Add 40 minutes of aerobic exercise on the basis of the original daily exercise. At the same time, the dietary intake increased from 1300 calories to 1400 calories. However, if you don't feel hungry after increasing your exercise, you don't need to supplement 100 calorie snacks or snacks.

It is highly recommended to exercise in the second week of bottleneck period;

Additional 40 minutes of aerobic exercise can be selected according to individual needs:

1 MM who focus on losing weight strongly recommends learning jogging;

2 MM, which pays attention to self-cultivation, strongly recommends learning yoga;

3 MM focusing on the waist and abdomen strongly recommends wrapping the waist and abdomen with plastic wrap to turn into a hula hoop or doing waist twisting exercise;

4 MM, which pays attention to beautiful legs, strongly recommends wrapping your legs with plastic wrap to climb stairs or ride a bike in the air.

Physical education study time: 40 minutes.

Diet recommendation for the second week of breakthrough bottleneck period:

Increase 100 calories in the diet on the seventh day. This 100 calorie is mainly designed for MM who feels hungry after exercise, and can eat some low-calorie snacks or food.

Low calorie snacks: original almonds, etc. are highly recommended. (The quantity should not be too much, if it is too much, it will exceed the standard. )

Rice porridge is highly recommended: lotus seed porridge, tremella soup, mung bean porridge, barley porridge and whole wheat bread. (Generally, 1 bowl of porridge is enough, 1-2 pieces of all-round bread are better. )

(3) The third week of breakthrough bottleneck period

After the adjustment and efforts in the first two weeks, the water originally stationed in the body will gradually disperse and the fat will begin to shrink. Even if the weight has not dropped significantly, the figure has become slim and looks much thinner. At this time, we must strictly control the calorie intake of dinner, and never overeat or eat supper.
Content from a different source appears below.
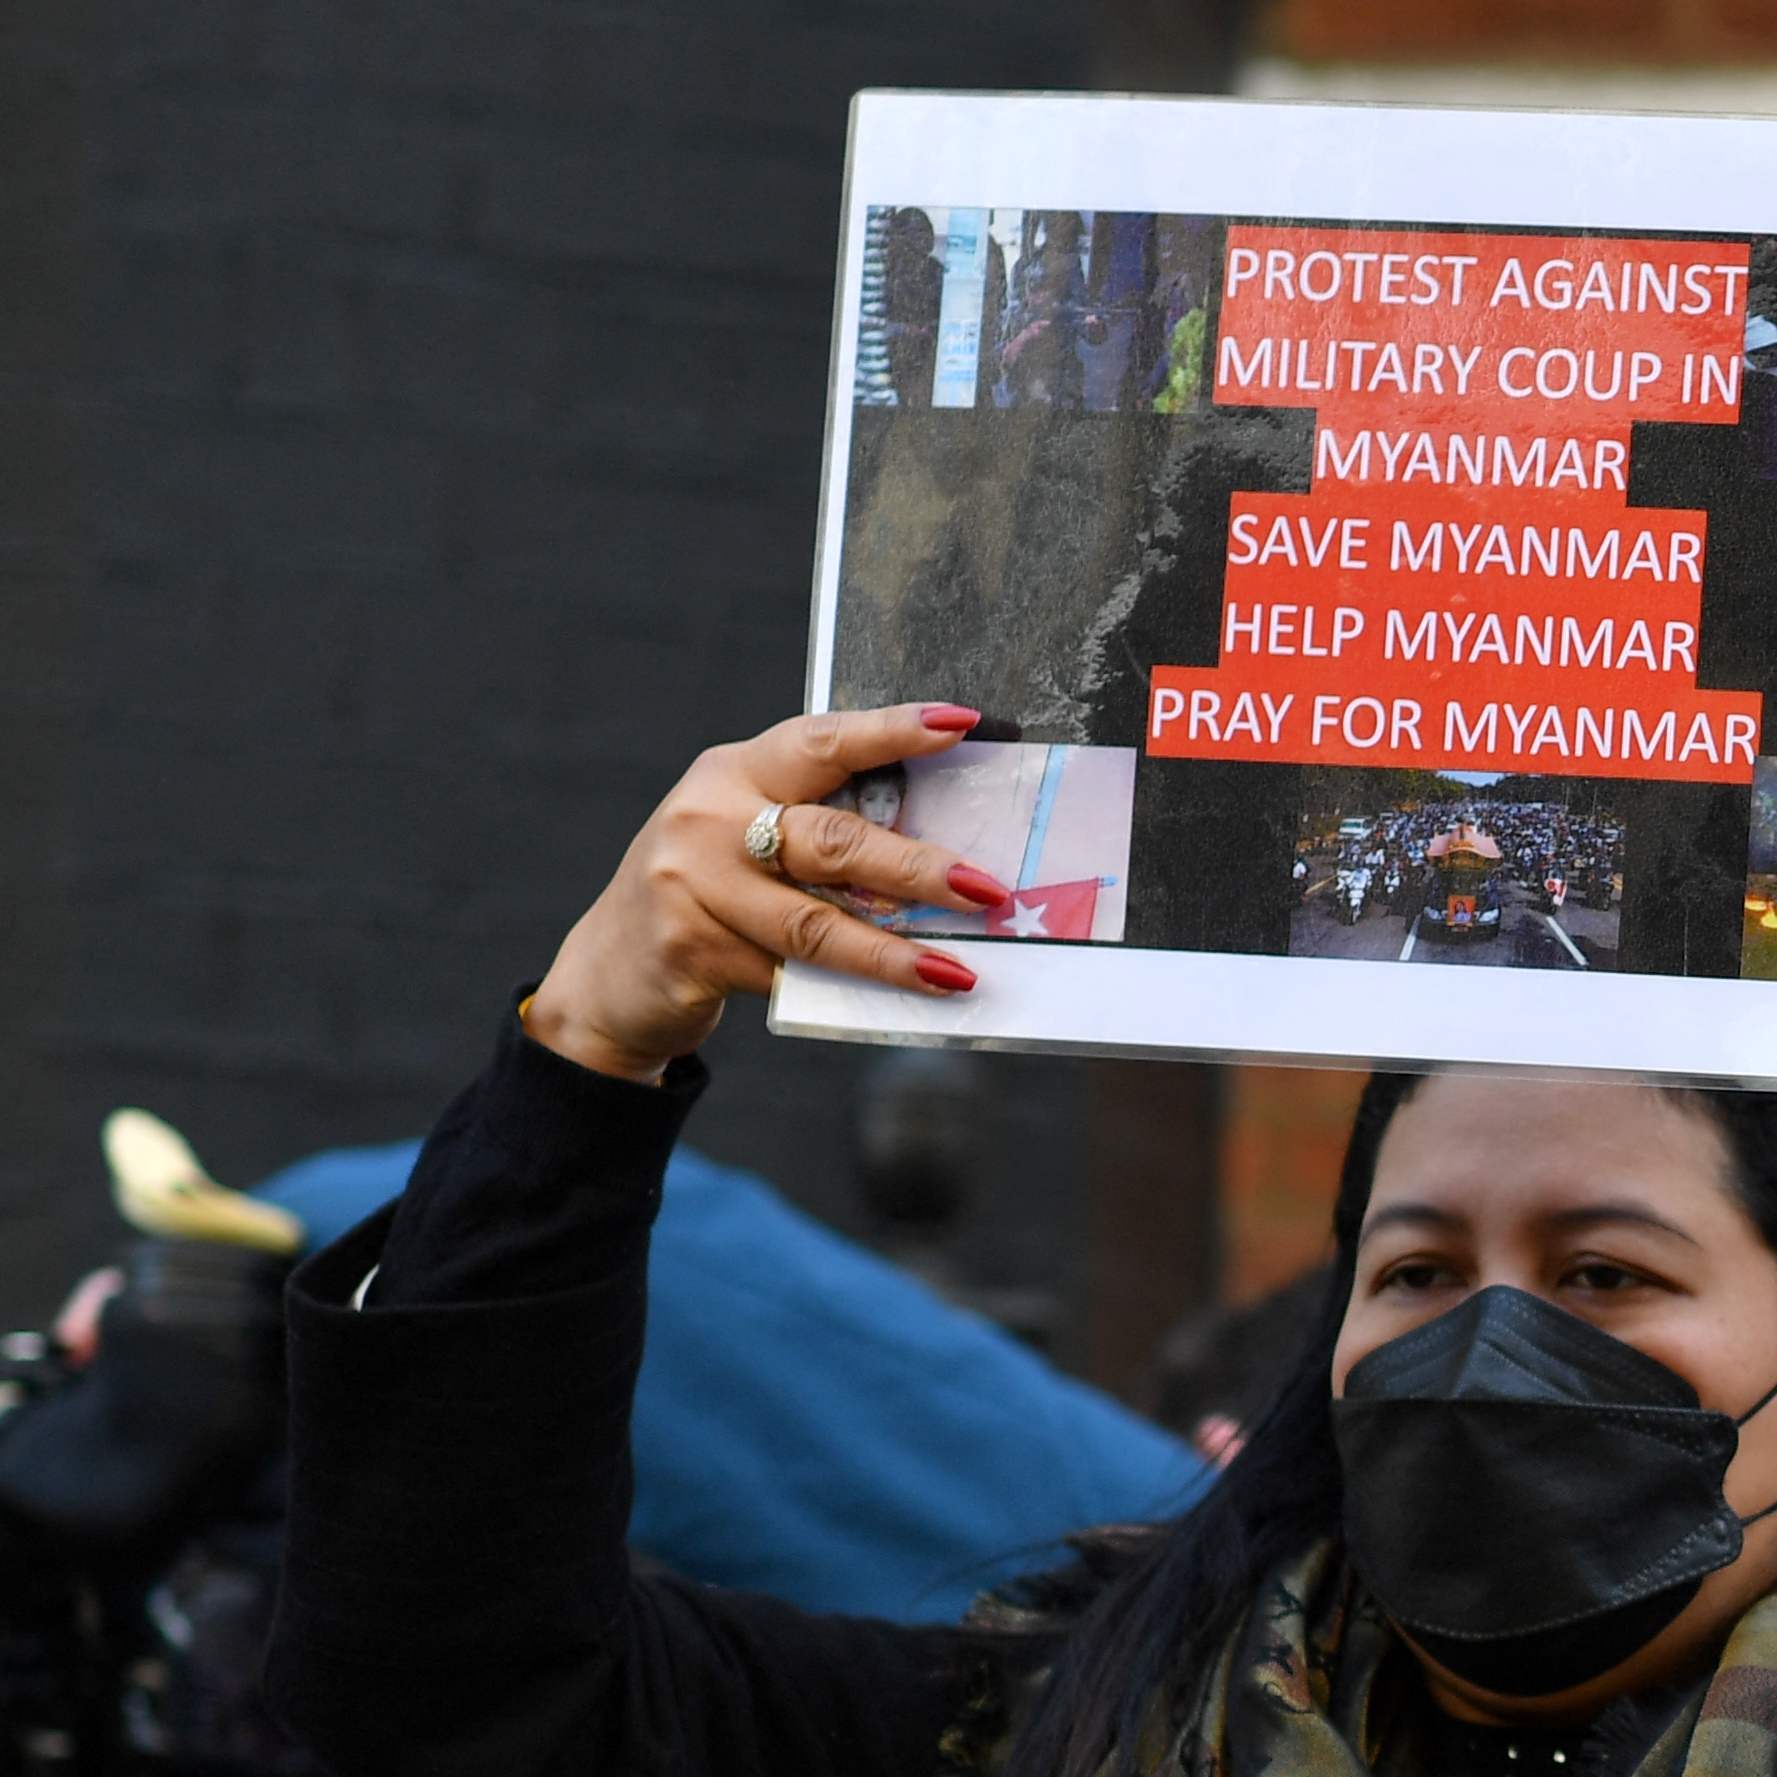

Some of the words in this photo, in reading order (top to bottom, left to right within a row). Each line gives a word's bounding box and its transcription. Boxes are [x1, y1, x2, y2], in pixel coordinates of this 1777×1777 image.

Suggestions on diet/exercise adjustment in the third week of breakthrough bottleneck period;

In the third week, the dietary calorie intake was maintained at 1400 calories, which was the maximum daily intake. If the weight loss rate is satisfactory, the diet and exercise pattern in the second week can be maintained until the third week. If the speed of losing weight is not ideal, you can adjust the amount of exercise on the basis of the second week.

Tip: Everyone's satisfaction with the weight loss rate is different. For the weight loss speed in the bottleneck period, it is better to lose about 2 kg in seven days, which is not conducive to health care.

If you are not satisfied with the speed of losing weight, you can change your exercise to 45 minutes of strength training and 60 minutes of aerobic exercise. It is recommended to jog for 60 minutes, then do stretching or exercise 15 minutes.